(The input)

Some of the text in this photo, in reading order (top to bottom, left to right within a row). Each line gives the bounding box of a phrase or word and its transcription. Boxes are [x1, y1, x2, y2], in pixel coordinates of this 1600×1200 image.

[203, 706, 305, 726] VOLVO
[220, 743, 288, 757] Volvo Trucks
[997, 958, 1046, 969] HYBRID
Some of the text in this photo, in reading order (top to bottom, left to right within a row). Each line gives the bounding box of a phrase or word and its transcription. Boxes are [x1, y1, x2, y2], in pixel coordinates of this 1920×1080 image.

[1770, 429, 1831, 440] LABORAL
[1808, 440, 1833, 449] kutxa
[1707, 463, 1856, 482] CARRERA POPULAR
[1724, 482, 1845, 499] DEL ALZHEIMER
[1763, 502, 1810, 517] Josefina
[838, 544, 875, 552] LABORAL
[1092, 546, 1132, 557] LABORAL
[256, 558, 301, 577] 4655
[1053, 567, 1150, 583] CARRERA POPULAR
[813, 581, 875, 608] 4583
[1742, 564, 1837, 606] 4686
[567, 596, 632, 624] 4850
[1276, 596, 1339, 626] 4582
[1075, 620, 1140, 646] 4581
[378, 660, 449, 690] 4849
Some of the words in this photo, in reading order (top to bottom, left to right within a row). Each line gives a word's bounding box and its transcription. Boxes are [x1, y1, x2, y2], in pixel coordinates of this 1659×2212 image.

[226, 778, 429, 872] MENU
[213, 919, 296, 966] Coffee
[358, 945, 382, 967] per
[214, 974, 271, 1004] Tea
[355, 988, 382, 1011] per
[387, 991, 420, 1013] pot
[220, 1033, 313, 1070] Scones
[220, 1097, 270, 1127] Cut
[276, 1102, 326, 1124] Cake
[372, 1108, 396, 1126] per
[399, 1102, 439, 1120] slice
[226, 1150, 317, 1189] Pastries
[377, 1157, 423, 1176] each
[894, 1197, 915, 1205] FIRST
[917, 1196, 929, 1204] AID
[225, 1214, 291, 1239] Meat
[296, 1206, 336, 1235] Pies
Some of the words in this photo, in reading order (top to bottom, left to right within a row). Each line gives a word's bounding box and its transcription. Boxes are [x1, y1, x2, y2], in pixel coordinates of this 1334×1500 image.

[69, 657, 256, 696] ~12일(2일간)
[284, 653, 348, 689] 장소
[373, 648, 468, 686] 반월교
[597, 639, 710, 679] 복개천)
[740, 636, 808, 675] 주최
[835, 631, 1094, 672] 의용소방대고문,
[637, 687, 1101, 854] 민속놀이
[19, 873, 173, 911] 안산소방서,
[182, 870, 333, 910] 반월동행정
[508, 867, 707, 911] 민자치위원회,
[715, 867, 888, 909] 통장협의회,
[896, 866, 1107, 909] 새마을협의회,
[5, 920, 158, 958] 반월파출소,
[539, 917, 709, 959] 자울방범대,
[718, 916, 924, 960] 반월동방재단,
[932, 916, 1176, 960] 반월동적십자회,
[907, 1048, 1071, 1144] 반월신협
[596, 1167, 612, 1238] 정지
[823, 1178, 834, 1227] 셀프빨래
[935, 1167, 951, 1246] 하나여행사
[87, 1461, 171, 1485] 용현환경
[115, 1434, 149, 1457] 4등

(End The input)

- [Action item]: Each line of the data must be copied exactly as it appears.

- [Task answer]:
Some of the text in this photo, in reading order (top to bottom, left to right within a row). Each line gives the bounding box of a phrase or word and its transcription. Boxes are [x1, y1, x2, y2], in pixel coordinates of this 1600×1200 image.

[203, 706, 305, 726] VOLVO
[220, 743, 288, 757] Volvo Trucks
[997, 958, 1046, 969] HYBRID
Some of the text in this photo, in reading order (top to bottom, left to right within a row). Each line gives the bounding box of a phrase or word and its transcription. Boxes are [x1, y1, x2, y2], in pixel coordinates of this 1920×1080 image.

[1770, 429, 1831, 440] LABORAL
[1808, 440, 1833, 449] kutxa
[1707, 463, 1856, 482] CARRERA POPULAR
[1724, 482, 1845, 499] DEL ALZHEIMER
[1763, 502, 1810, 517] Josefina
[838, 544, 875, 552] LABORAL
[1092, 546, 1132, 557] LABORAL
[256, 558, 301, 577] 4655
[1053, 567, 1150, 583] CARRERA POPULAR
[813, 581, 875, 608] 4583
[1742, 564, 1837, 606] 4686
[567, 596, 632, 624] 4850
[1276, 596, 1339, 626] 4582
[1075, 620, 1140, 646] 4581
[378, 660, 449, 690] 4849
Some of the words in this photo, in reading order (top to bottom, left to right within a row). Each line gives a word's bounding box and its transcription. Boxes are [x1, y1, x2, y2], in pixel coordinates of this 1659×2212 image.

[226, 778, 429, 872] MENU
[213, 919, 296, 966] Coffee
[358, 945, 382, 967] per
[214, 974, 271, 1004] Tea
[355, 988, 382, 1011] per
[387, 991, 420, 1013] pot
[220, 1033, 313, 1070] Scones
[220, 1097, 270, 1127] Cut
[276, 1102, 326, 1124] Cake
[372, 1108, 396, 1126] per
[399, 1102, 439, 1120] slice
[226, 1150, 317, 1189] Pastries
[377, 1157, 423, 1176] each
[894, 1197, 915, 1205] FIRST
[917, 1196, 929, 1204] AID
[225, 1214, 291, 1239] Meat
[296, 1206, 336, 1235] Pies
Some of the words in this photo, in reading order (top to bottom, left to right within a row). Each line gives a word's bounding box and its transcription. Boxes are [x1, y1, x2, y2], in pixel coordinates of this 1334×1500 image.

[69, 657, 256, 696] ~12일(2일간)
[284, 653, 348, 689] 장소
[373, 648, 468, 686] 반월교
[597, 639, 710, 679] 복개천)
[740, 636, 808, 675] 주최
[835, 631, 1094, 672] 의용소방대고문,
[637, 687, 1101, 854] 민속놀이
[19, 873, 173, 911] 안산소방서,
[182, 870, 333, 910] 반월동행정
[508, 867, 707, 911] 민자치위원회,
[715, 867, 888, 909] 통장협의회,
[896, 866, 1107, 909] 새마을협의회,
[5, 920, 158, 958] 반월파출소,
[539, 917, 709, 959] 자울방범대,
[718, 916, 924, 960] 반월동방재단,
[932, 916, 1176, 960] 반월동적십자회,
[907, 1048, 1071, 1144] 반월신협
[596, 1167, 612, 1238] 정지
[823, 1178, 834, 1227] 셀프빨래
[935, 1167, 951, 1246] 하나여행사
[87, 1461, 171, 1485] 용현환경
[115, 1434, 149, 1457] 4등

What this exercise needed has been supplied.